At the recent shareholders meeting, Jonathan Goodman:
"We welcome Steven to our leadership team in his new role of Executive Vice Chair,” commented Mr. Goodman. “We believe that with his skillset, expertise, and senior leadership experience, Steven is perfectly suited to execute on one of our key strategic objectives, namely, rationalizing our portfolio of legacy assets.” Steven Sharpe’s extensive senior leadership and public company experience span a wide range of industries and responsibilities, from legal practice to corporate strategy and restructuring to investment banking to C-suite leadership.
“With [Steven] leading this initiative,” he added, “Dundee’s efforts in this regard will clearly accelerate, and we can sharpen our focus on building Dundee 2.0 as an active investor in the mining sector.”
It makes a lot more sense to achieve Dundee 2.0 goals as a private company than a public company, required to provide quarterly reports using accounting rules that do not favour holding companies.

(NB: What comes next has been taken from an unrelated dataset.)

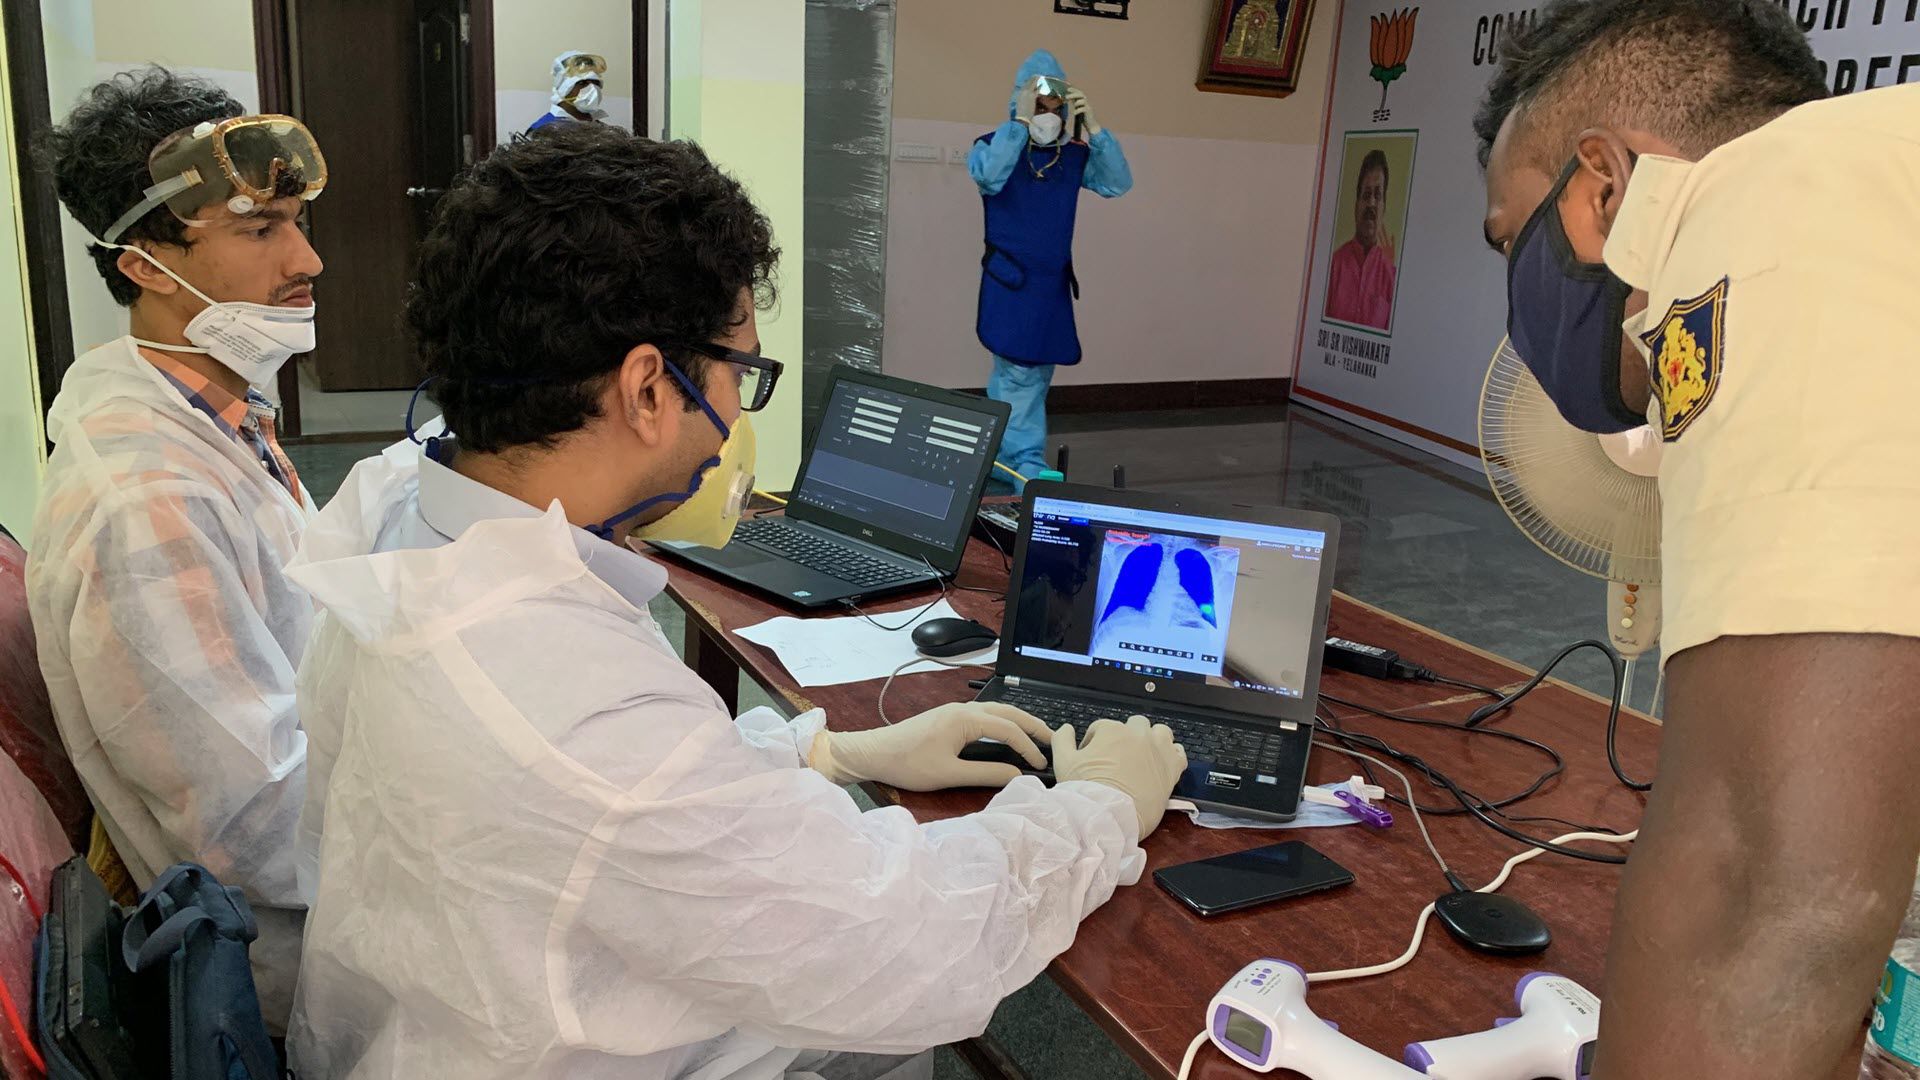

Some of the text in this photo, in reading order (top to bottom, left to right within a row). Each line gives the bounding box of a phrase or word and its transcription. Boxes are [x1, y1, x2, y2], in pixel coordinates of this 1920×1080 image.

[1317, 329, 1391, 365] SRI SR VISHWANATH
[1323, 352, 1336, 367] MLA
[1342, 357, 1377, 379] YELAHANKA

Last year Dundee Corp raised huge amounts of money by selling DPM. More money was raised this year with the proceeds of the DPM warrants.
Some of that money was used to buy back common shares buying back "weak hands" ($1.40) and preferred shares, reducing future dividend payments and increasing common share equity since preferred shares were purchased below "book value" ($25).
All in all, I see controlling shareholders (Goodman and associates) eliminating minority shareholders over time. I expect more common share buyback to be announced soon.
Unfortunately, long time shareholders may never get the opportunity to recoup their original investment if their shares were purchased more than three years ago ($3+).